Campo started with the district in the 1970s, becoming superintendent in 2006. He officially retired in 2008, but the Board of Education asked him to return to his old job for the 2008-09 academic year. Campo was brought back again as interim superintendent between 2015 and 2017.

The lawsuit notes that Campo had already left the district when officials fired another former employee, Arthur Williams, in 2019. Williams is Black, and served as the supervisor for facilities and transportation for the district, as reported by Newsday.

Following his termination, Williams filed a complaint against the state’s Division of Human Rights, asserting the district discriminated against him due to race and age. In the lawsuit, according to Newsday, Campo alleged that during his time as interim superintendent from 2015 to 2017, Pizzo used racist and demeaning language against Williams. Campo supported Williams complaint against the East Meadow school district, and now believes his reputation is being damaged in retaliation .

Campo says district officials falsely accused him at a school board meeting of mismanagement and removed his name from the district’s headquarters — the Salisbury Center — which was formerly named in Campo’s honor.

According to a story published by the Herald last year, at a May 2023 school board meeting, East Meadow’s business and finance assistant superintendent Patrick Pizzo told board members that during his time as superintendent, Campo mismanaged several projects.

When he started with the district in 2008, Pizzo told the Herald he found “boxes piled up” and business employees searching for scraps of paper and “desperately scrambling trying to put pieces together” because paperwork had been filed incorrectly.

Campo, however, in an interview with the Herald, denied Pizzo’s allegations that multi-million dollar building projects were improperly “closed out” — a phrase used to describe the process of ending a project and applying for state aid.

“We went after every nickel we could because that’s the way it was,” Campo said. “To my knowledge, we didn’t lose any aid.”

Pizzo told board members at the meeting last year he discovered on his first day as the facilities and operations director in 2008 there were errors in closing out projects from the early 2000s. During that time, the building aid ratio for East Meadow was 52 percent, according to Pizzo, meaning that the district was eligible for more than half of the project to be paid for by the state.

For more than $55 million of projects, Pizzo alleged, deadlines to receive that aid had passed, resulting in a $29 million revenue loss.

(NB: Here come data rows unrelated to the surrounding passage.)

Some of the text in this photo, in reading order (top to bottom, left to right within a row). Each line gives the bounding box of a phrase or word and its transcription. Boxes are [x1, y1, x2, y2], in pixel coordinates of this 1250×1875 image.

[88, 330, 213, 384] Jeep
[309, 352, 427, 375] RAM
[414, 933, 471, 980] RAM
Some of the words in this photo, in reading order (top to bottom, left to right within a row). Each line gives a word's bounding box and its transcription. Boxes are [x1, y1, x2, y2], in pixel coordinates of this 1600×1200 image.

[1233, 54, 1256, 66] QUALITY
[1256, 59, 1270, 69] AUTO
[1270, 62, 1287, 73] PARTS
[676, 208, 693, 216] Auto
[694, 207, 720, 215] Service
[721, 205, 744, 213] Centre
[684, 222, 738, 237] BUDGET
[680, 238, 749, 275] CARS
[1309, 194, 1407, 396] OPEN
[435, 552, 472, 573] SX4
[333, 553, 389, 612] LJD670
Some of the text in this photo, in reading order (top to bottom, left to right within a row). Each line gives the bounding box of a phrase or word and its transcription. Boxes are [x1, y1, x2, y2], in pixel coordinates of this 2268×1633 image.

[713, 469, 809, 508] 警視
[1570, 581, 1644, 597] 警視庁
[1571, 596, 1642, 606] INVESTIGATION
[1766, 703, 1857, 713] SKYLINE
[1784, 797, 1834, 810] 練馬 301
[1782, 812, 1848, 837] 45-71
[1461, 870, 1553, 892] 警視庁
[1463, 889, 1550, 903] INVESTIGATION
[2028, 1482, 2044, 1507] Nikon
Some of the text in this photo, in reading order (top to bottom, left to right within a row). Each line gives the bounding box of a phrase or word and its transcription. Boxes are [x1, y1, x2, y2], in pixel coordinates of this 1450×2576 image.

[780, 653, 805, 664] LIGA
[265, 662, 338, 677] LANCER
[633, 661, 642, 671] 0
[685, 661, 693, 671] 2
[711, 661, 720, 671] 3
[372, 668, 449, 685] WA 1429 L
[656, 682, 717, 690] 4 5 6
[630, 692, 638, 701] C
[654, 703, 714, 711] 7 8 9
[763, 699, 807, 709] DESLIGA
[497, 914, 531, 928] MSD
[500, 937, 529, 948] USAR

His findings were the product of five years of research and review by financial experts, which were then verified by two third-party experts in the field of capital close-outs and financial best practices.

“What he did was gross incompetence,” Pizzo said of Campo.

The lawsuit, filed with the U.S. District Court in Brooklyn on Nov. 19, names the school district as a defendant, along with the district’s former superintendent Kenneth Card, and current and former Board of Education members, including Alisa Baroukh, Scott Eckers, Jodi Luce, Matthew Melnick, Eileen Napolitano, Melissa Tell and Nancy Widman.

Kenneth Rosner, the current superintendent of East Meadow’s schools, said in a statement published by Newsday that the district is aware of the lawsuit filed against Campo, but had no further comment — and said the district does not generally comment on pending litigation.